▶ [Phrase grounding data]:
- - -

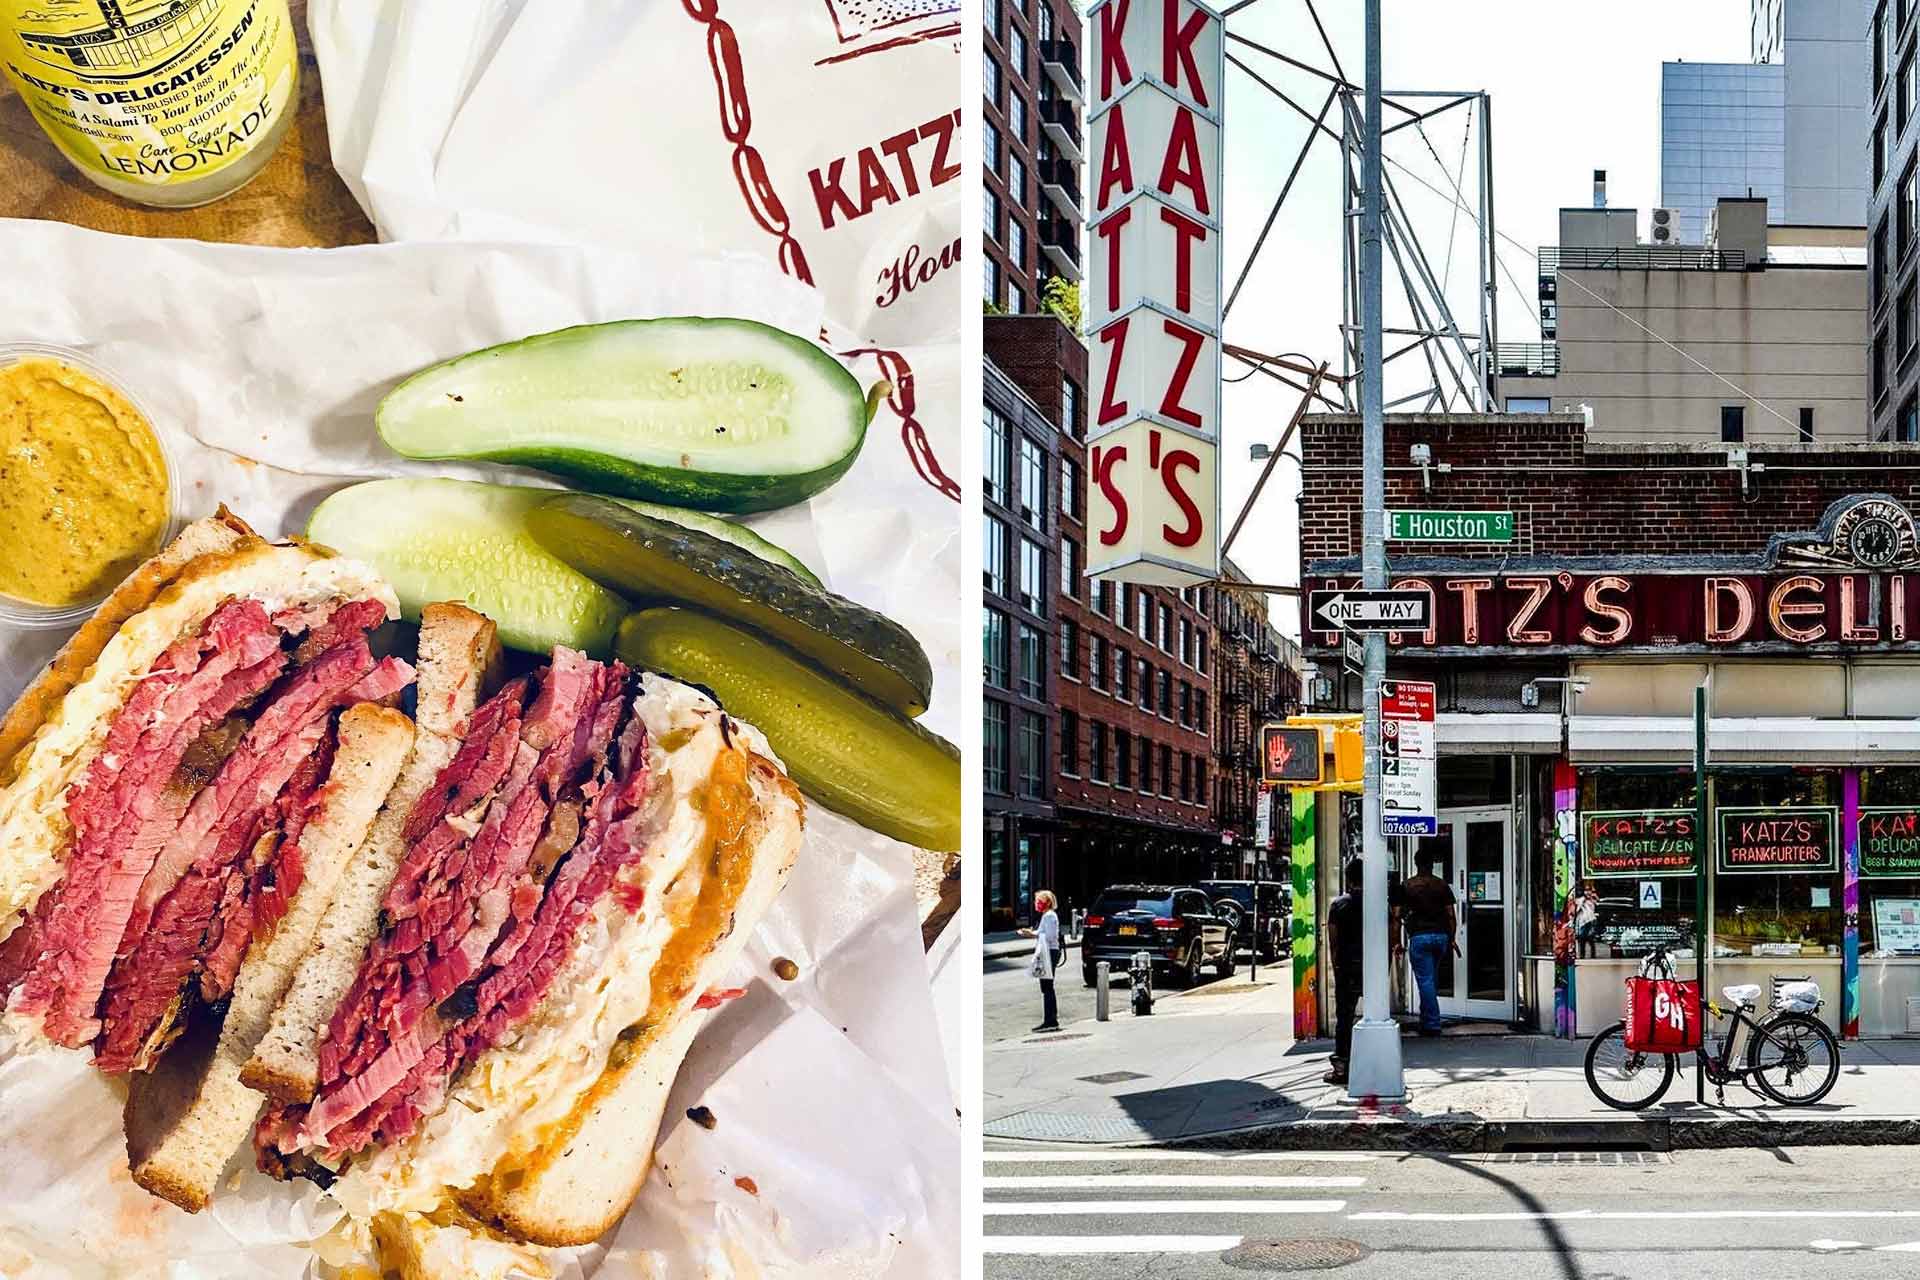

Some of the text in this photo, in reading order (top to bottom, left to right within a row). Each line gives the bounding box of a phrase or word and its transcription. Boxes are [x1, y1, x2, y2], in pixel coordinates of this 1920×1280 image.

[81, 113, 90, 122] A
[93, 114, 139, 128] Salami
[142, 113, 158, 125] To
[162, 103, 191, 119] Your
[195, 89, 217, 107] Boy
[218, 78, 229, 92] in
[122, 91, 189, 114] ESTABLISHED
[160, 90, 238, 137] 800-4HOTDOG
[101, 93, 273, 175] LEMONADE
[141, 121, 228, 159] Cane Sugar
[1092, 0, 1134, 547] KATZ'S
[1150, 0, 1209, 548] KATZ'S
[1392, 515, 1508, 538] E Houston St
[1328, 602, 1416, 619] ONE WAY
[1705, 575, 1905, 643] DELI
[1385, 759, 1396, 774] 2
[1742, 819, 1812, 844] KATZ'S
[1593, 839, 1694, 856] DELICATESSEN
[1731, 846, 1821, 863] FRANKFURTERS
[1643, 885, 1658, 901] A
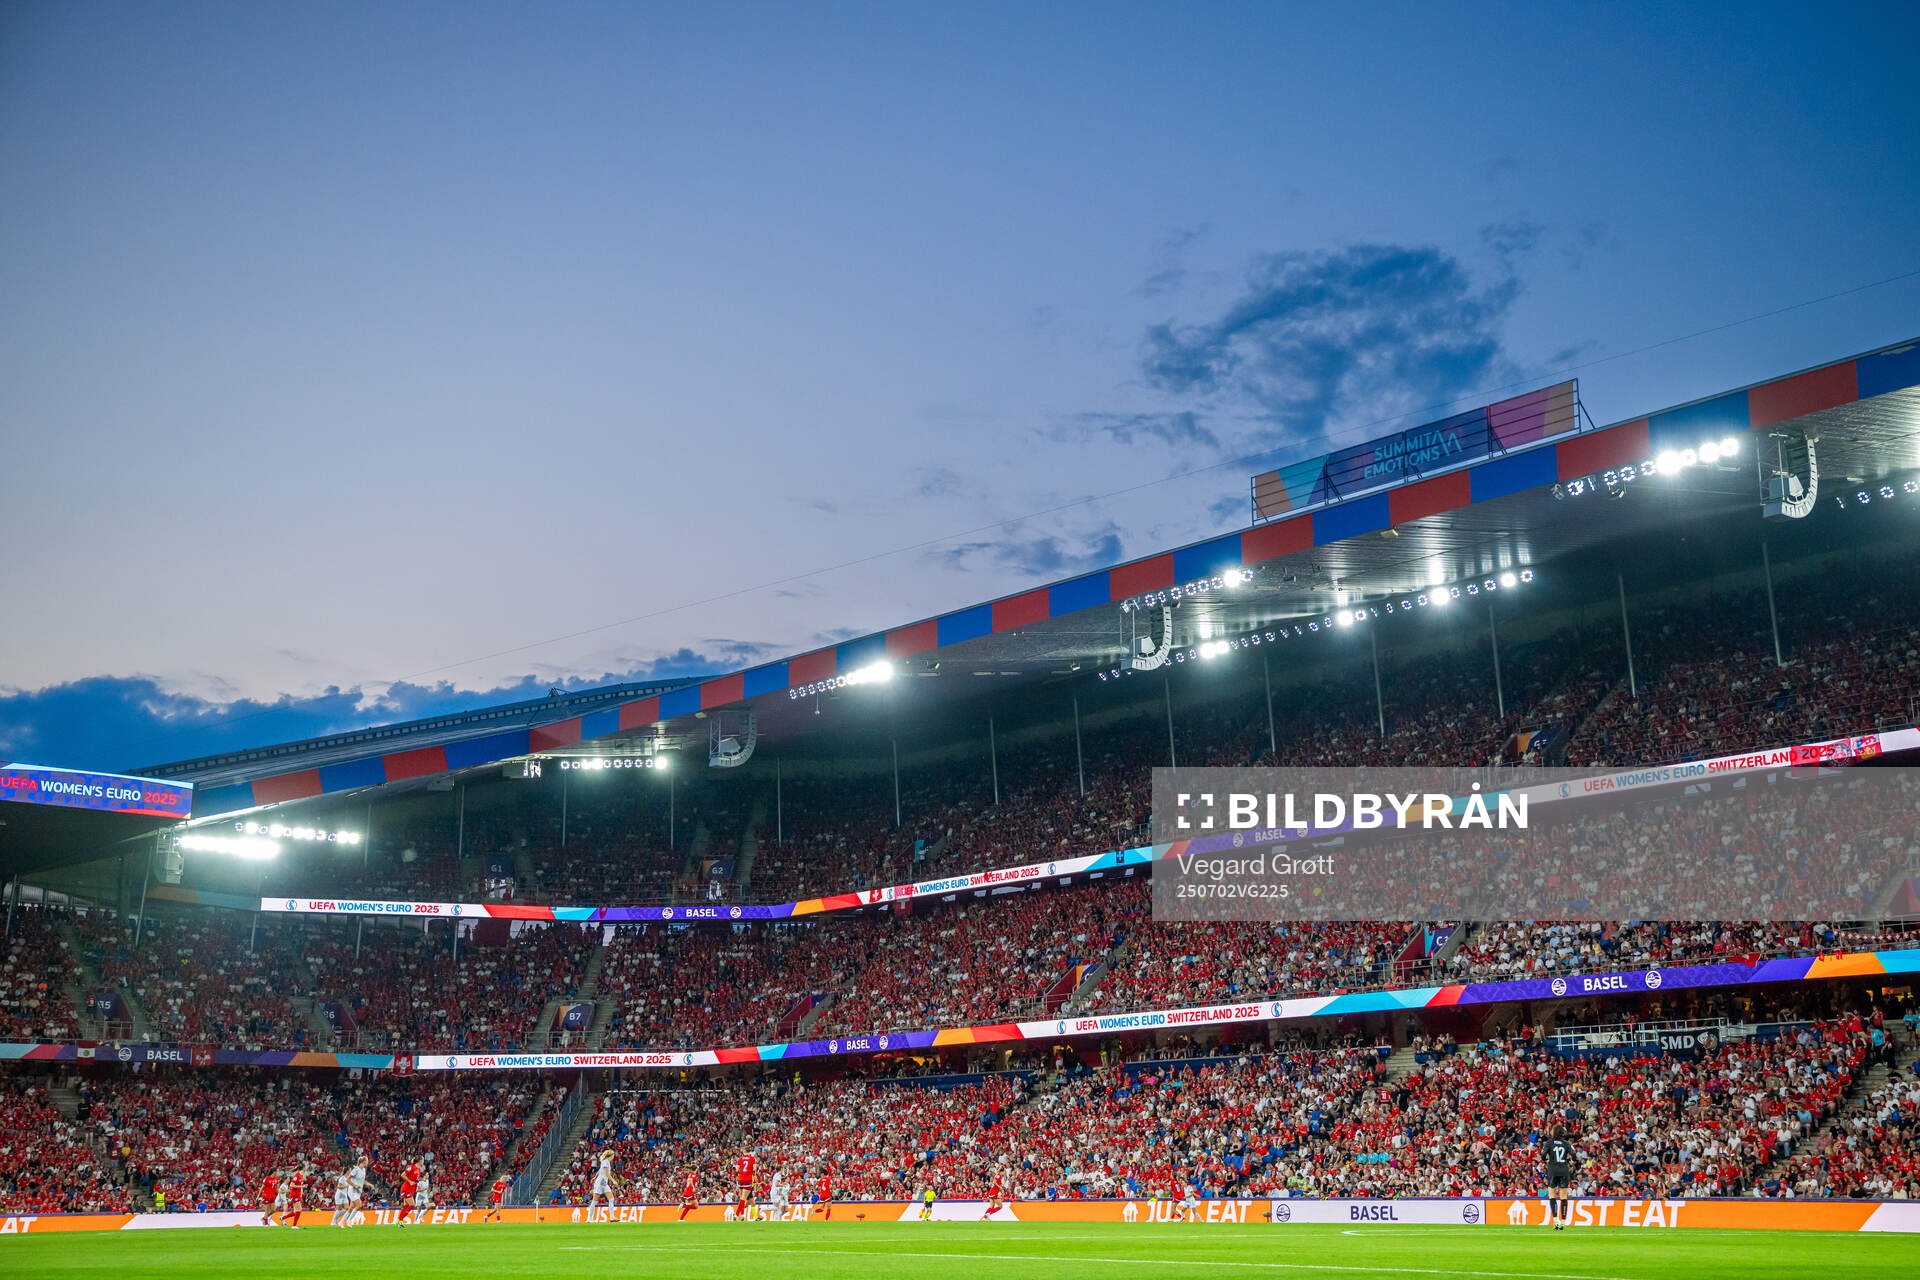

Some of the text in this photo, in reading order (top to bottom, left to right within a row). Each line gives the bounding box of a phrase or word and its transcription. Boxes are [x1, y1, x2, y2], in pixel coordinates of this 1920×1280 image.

[1364, 445, 1441, 480] EMOTIONS
[1584, 778, 1615, 793] UEFA
[1616, 769, 1670, 788] WOMEN'S
[1673, 764, 1705, 780] EURO
[1708, 749, 1798, 774] SWITZERLAND
[1, 776, 177, 805] UEFA WOMEN'S EURO 2025
[1255, 828, 1286, 843] BASEL
[919, 880, 950, 893] WOMEN'S
[951, 878, 969, 889] EURO
[1020, 867, 1040, 878] 2025
[308, 901, 439, 914] UEFA WOMEN'S EURO 2025
[686, 908, 718, 918] BASEL
[1583, 976, 1628, 991] BASEL
[1076, 1005, 1260, 1032] UEFA WOMEN'S EURO SWITZERLAND 2025
[846, 1039, 870, 1051] BASEL
[1660, 1034, 1695, 1051] SMD
[147, 1050, 184, 1062] BASEL
[469, 1055, 672, 1066] UEFA WOMEN'S EURO SWITZERLAND 2025
[1553, 1146, 1565, 1163] 12
[743, 1160, 749, 1172] 2
[431, 1208, 473, 1225] EAT
[619, 1206, 647, 1223] EAT
[1206, 1200, 1252, 1223] EAT
[1350, 1205, 1399, 1221] BASEL
[1622, 1200, 1686, 1228] EAT
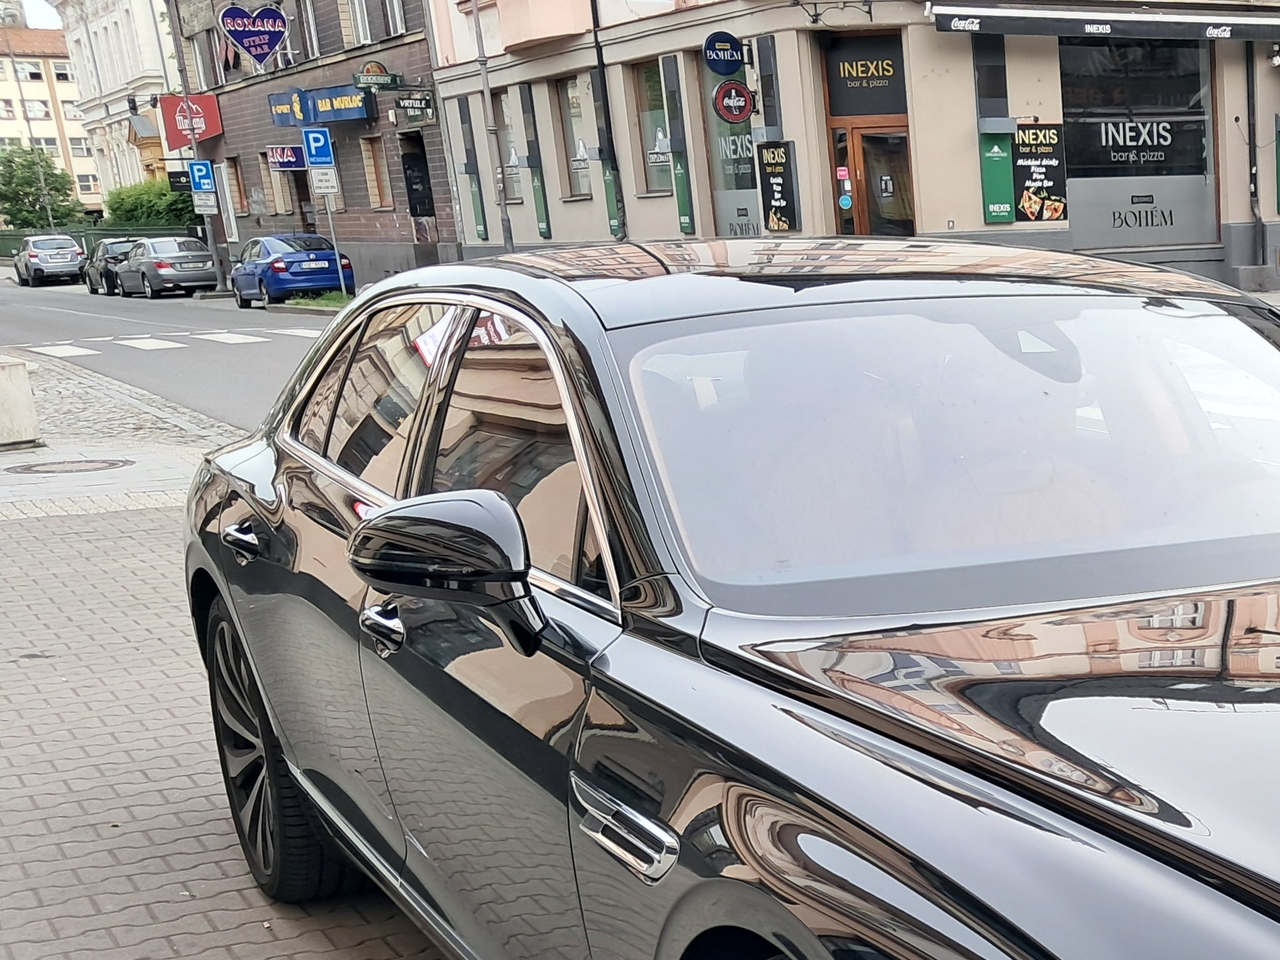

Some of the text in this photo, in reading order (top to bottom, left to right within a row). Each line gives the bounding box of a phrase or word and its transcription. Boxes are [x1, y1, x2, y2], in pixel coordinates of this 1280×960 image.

[224, 17, 286, 32] ROXANA
[950, 17, 981, 31] Coca-Cola
[1085, 23, 1112, 34] INEXIS
[1206, 25, 1233, 39] Coca-Cola
[242, 34, 270, 47] STRIP
[249, 45, 271, 56] BAR
[839, 60, 894, 78] INEXIS
[847, 78, 889, 88] bar & pizza
[318, 98, 332, 113] BAR
[1014, 129, 1059, 145] INEXIS
[1101, 121, 1173, 147] INEXIS
[308, 133, 325, 156] P
[718, 134, 753, 160] INEXIS
[1019, 145, 1031, 153] bar
[1037, 145, 1053, 154] pizza
[762, 147, 786, 164] INEXIS
[1140, 149, 1165, 164] pizza
[192, 165, 207, 183] P
[989, 203, 1011, 212] INEXIS
[1112, 206, 1175, 228] BOHÉM

- - -

▶ [Work to be completed]: In the copy, no picture may appear; the records themselves must be output exactly.

▶ [Output for this exercise]:
Some of the text in this photo, in reading order (top to bottom, left to right within a row). Each line gives the bounding box of a phrase or word and its transcription. Boxes are [x1, y1, x2, y2], in pixel coordinates of this 1920×1280 image.

[81, 113, 90, 122] A
[93, 114, 139, 128] Salami
[142, 113, 158, 125] To
[162, 103, 191, 119] Your
[195, 89, 217, 107] Boy
[218, 78, 229, 92] in
[122, 91, 189, 114] ESTABLISHED
[160, 90, 238, 137] 800-4HOTDOG
[101, 93, 273, 175] LEMONADE
[141, 121, 228, 159] Cane Sugar
[1092, 0, 1134, 547] KATZ'S
[1150, 0, 1209, 548] KATZ'S
[1392, 515, 1508, 538] E Houston St
[1328, 602, 1416, 619] ONE WAY
[1705, 575, 1905, 643] DELI
[1385, 759, 1396, 774] 2
[1742, 819, 1812, 844] KATZ'S
[1593, 839, 1694, 856] DELICATESSEN
[1731, 846, 1821, 863] FRANKFURTERS
[1643, 885, 1658, 901] A

Some of the text in this photo, in reading order (top to bottom, left to right within a row). Each line gives the bounding box of a phrase or word and its transcription. Boxes are [x1, y1, x2, y2], in pixel coordinates of this 1920×1280 image.

[1364, 445, 1441, 480] EMOTIONS
[1584, 778, 1615, 793] UEFA
[1616, 769, 1670, 788] WOMEN'S
[1673, 764, 1705, 780] EURO
[1708, 749, 1798, 774] SWITZERLAND
[1, 776, 177, 805] UEFA WOMEN'S EURO 2025
[1255, 828, 1286, 843] BASEL
[919, 880, 950, 893] WOMEN'S
[951, 878, 969, 889] EURO
[1020, 867, 1040, 878] 2025
[308, 901, 439, 914] UEFA WOMEN'S EURO 2025
[686, 908, 718, 918] BASEL
[1583, 976, 1628, 991] BASEL
[1076, 1005, 1260, 1032] UEFA WOMEN'S EURO SWITZERLAND 2025
[846, 1039, 870, 1051] BASEL
[1660, 1034, 1695, 1051] SMD
[147, 1050, 184, 1062] BASEL
[469, 1055, 672, 1066] UEFA WOMEN'S EURO SWITZERLAND 2025
[1553, 1146, 1565, 1163] 12
[743, 1160, 749, 1172] 2
[431, 1208, 473, 1225] EAT
[619, 1206, 647, 1223] EAT
[1206, 1200, 1252, 1223] EAT
[1350, 1205, 1399, 1221] BASEL
[1622, 1200, 1686, 1228] EAT

Some of the text in this photo, in reading order (top to bottom, left to right within a row). Each line gives the bounding box of a phrase or word and its transcription. Boxes are [x1, y1, x2, y2], in pixel coordinates of this 1280×960 image.

[224, 17, 286, 32] ROXANA
[950, 17, 981, 31] Coca-Cola
[1085, 23, 1112, 34] INEXIS
[1206, 25, 1233, 39] Coca-Cola
[242, 34, 270, 47] STRIP
[249, 45, 271, 56] BAR
[839, 60, 894, 78] INEXIS
[847, 78, 889, 88] bar & pizza
[318, 98, 332, 113] BAR
[1014, 129, 1059, 145] INEXIS
[1101, 121, 1173, 147] INEXIS
[308, 133, 325, 156] P
[718, 134, 753, 160] INEXIS
[1019, 145, 1031, 153] bar
[1037, 145, 1053, 154] pizza
[762, 147, 786, 164] INEXIS
[1140, 149, 1165, 164] pizza
[192, 165, 207, 183] P
[989, 203, 1011, 212] INEXIS
[1112, 206, 1175, 228] BOHÉM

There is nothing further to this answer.